Summary: Запуск токена повышает вероятность краха криптопроектов на 50% — сооснователь DeFi Llama

Published: 6 days and 3 hours ago
Based on article from CoinTelegraph

The cryptocurrency market is currently navigating a complex period marked by both significant headwinds and promising developments. Recent news highlights a landscape where traditional finance continues to explore digital assets, while the crypto-native space grapples with project sustainability, market volatility, and evolving regulatory pressures.

Market Volatility and Emerging Risks

The crypto market is experiencing a period of notable caution, with over $3.74 billion withdrawn from crypto funds over four consecutive weeks. This trend is compounded by warnings from industry leaders, such as the co-founder of DeFi Llama, who suggests that launching a token can increase a project's failure probability by 50%, emphasizing the inherent risks of new ventures. Privacy concerns are also emerging as a major impediment to the broader adoption of crypto payments, according to prominent figures like Changpeng Zhao. Market analysts point to specific triggers, such as Bitcoin's $60,000 level, as a potential catalyst for widespread liquidations and further corrections. Additionally, the memecoin segment has shown "classic capitulation signals" with a 34% drop in capitalization, and broader altcoin investor disappointment hints at conditions ripe for a market reversal, reflecting unmet expectations for liquidity.

Institutional Inroads and Evolving Utility

Despite market turbulence, institutional interest and the practical utility of digital assets continue to expand. Traditional finance giant Apollo Global Management is making a significant move into DeFi through a partnership with Morpho, signaling growing mainstream engagement. The founder of Aave forecasts that Real-World Assets (RWA) integrated into DeFi could reach an astounding $50 trillion by 2050, driven by assets like solar energy and robotics, underscoring a vast potential for innovation. Tether is also broadening its ecosystem, investing in Dreamcash to enable USDT-based trading of traditional assets like stocks and gold on Hyperliquid. Even with a lowered forecast, Coinbase demonstrates resilience through business diversification, particularly in derivatives and subscriptions. Furthermore, platforms like X (formerly Twitter) are preparing to integrate in-app trading, while Ethereum co-founder Vitalik Buterin advocates for prediction markets to evolve beyond speculation into crucial hedging tools, enhancing their real-world value.
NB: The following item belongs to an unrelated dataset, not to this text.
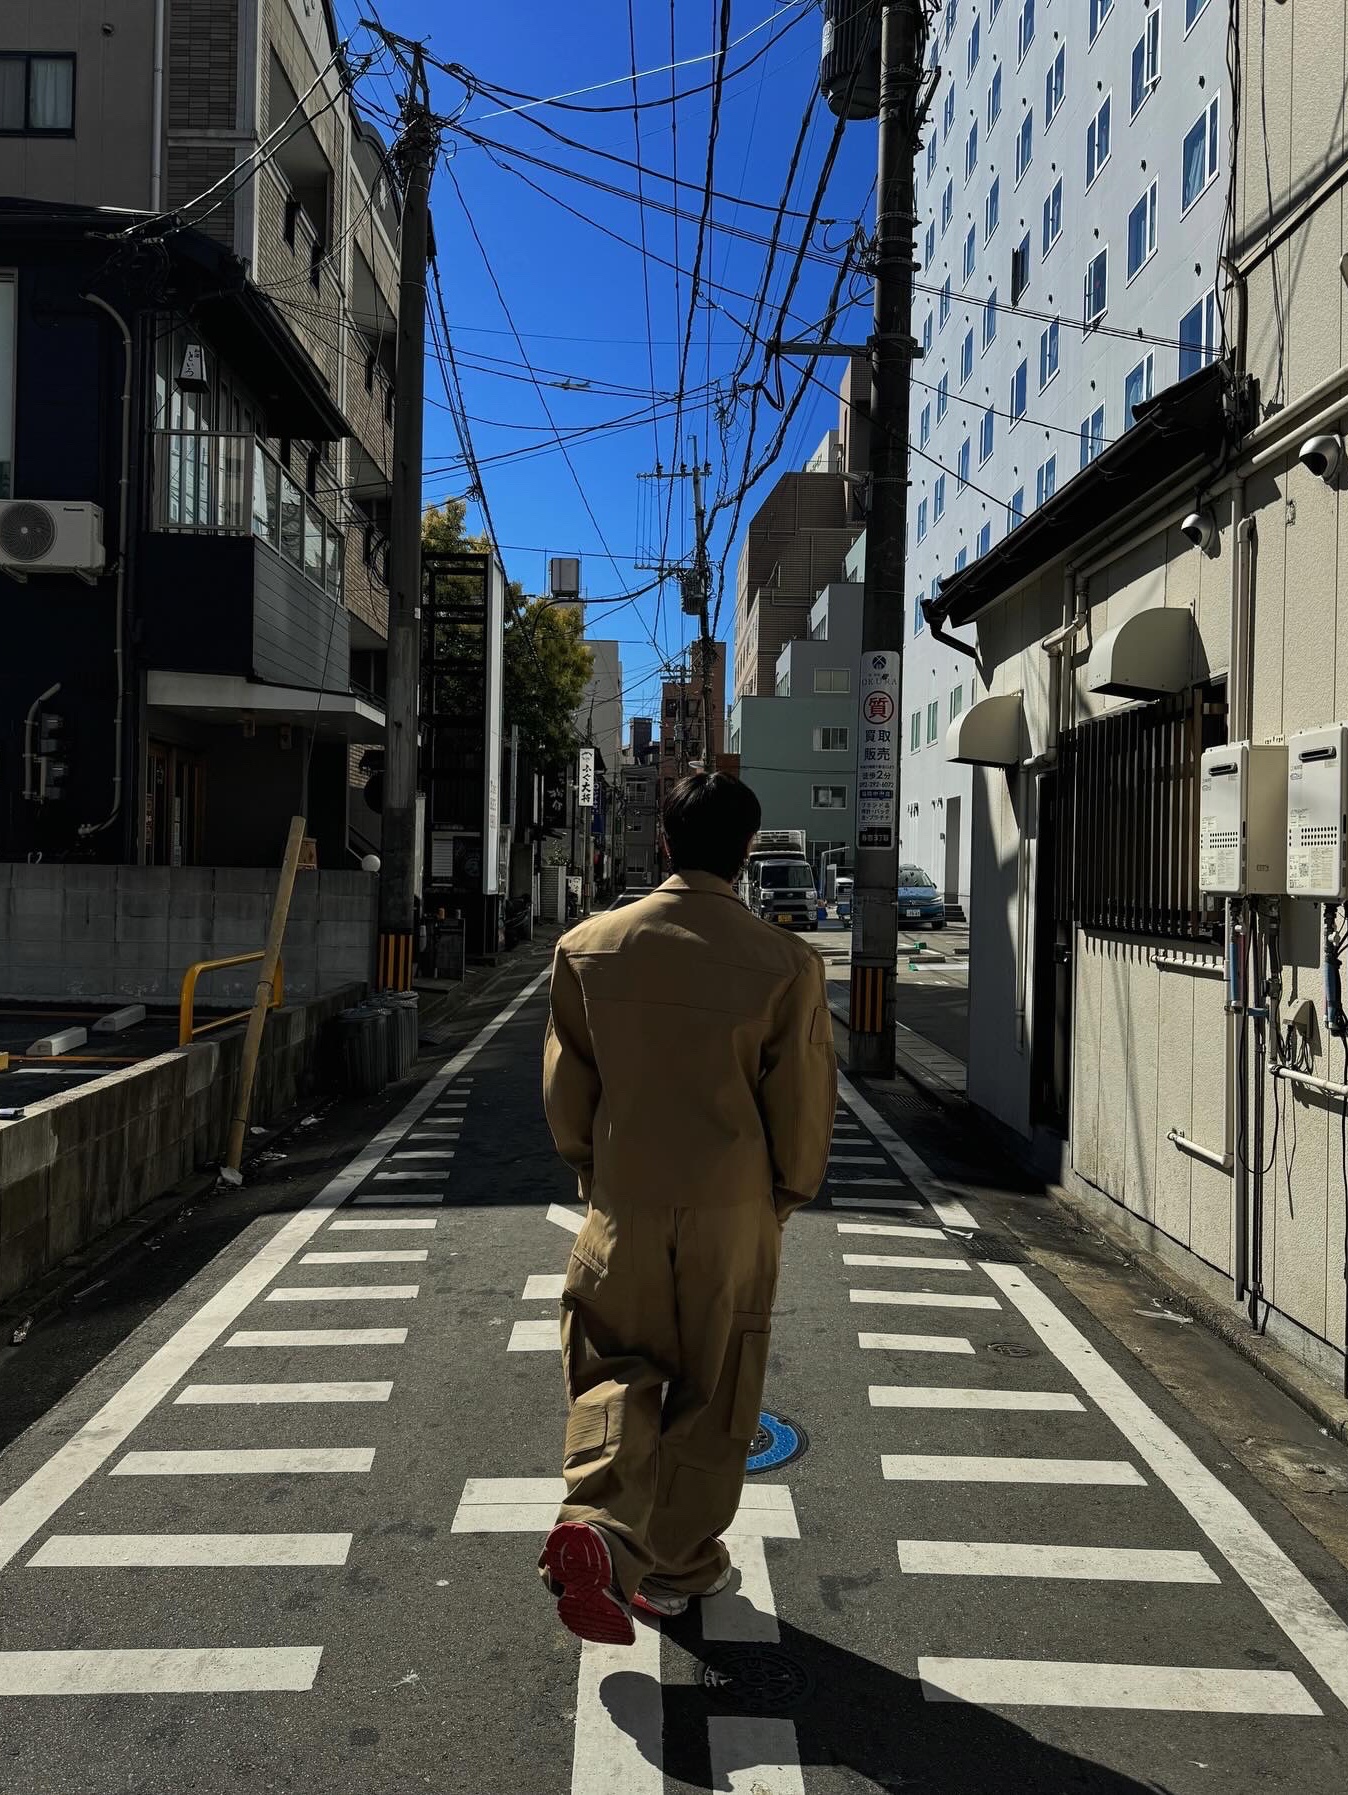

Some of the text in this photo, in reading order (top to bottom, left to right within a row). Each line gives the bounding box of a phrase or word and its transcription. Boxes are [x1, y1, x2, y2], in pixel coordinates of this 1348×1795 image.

[868, 697, 889, 719] 質
[865, 729, 891, 743] 買取
[864, 747, 891, 761] 販売
Regulatory Landscape and Persistent Security Challenges

The regulatory environment remains a focal point, with discussions around the potential adoption of the CLARITY Act by November, which could provide much-needed legal clarity for the sector. However, the probability of such legislation passing quickly remains low. Meanwhile, the persistent challenge of security in the crypto space was underscored by the activation of a wallet linked to the $200 million Mixin Network hack, which moved funds to a mixer after nearly two years of dormancy, serving as a stark reminder of ongoing vulnerabilities. On a broader economic front, the narrative around Bitcoin as an inflation hedge is being re-evaluated by some, as falling inflation rates challenge the core tenets for certain proponents, even as others maintain its long-term value proposition against central bank monetary policies.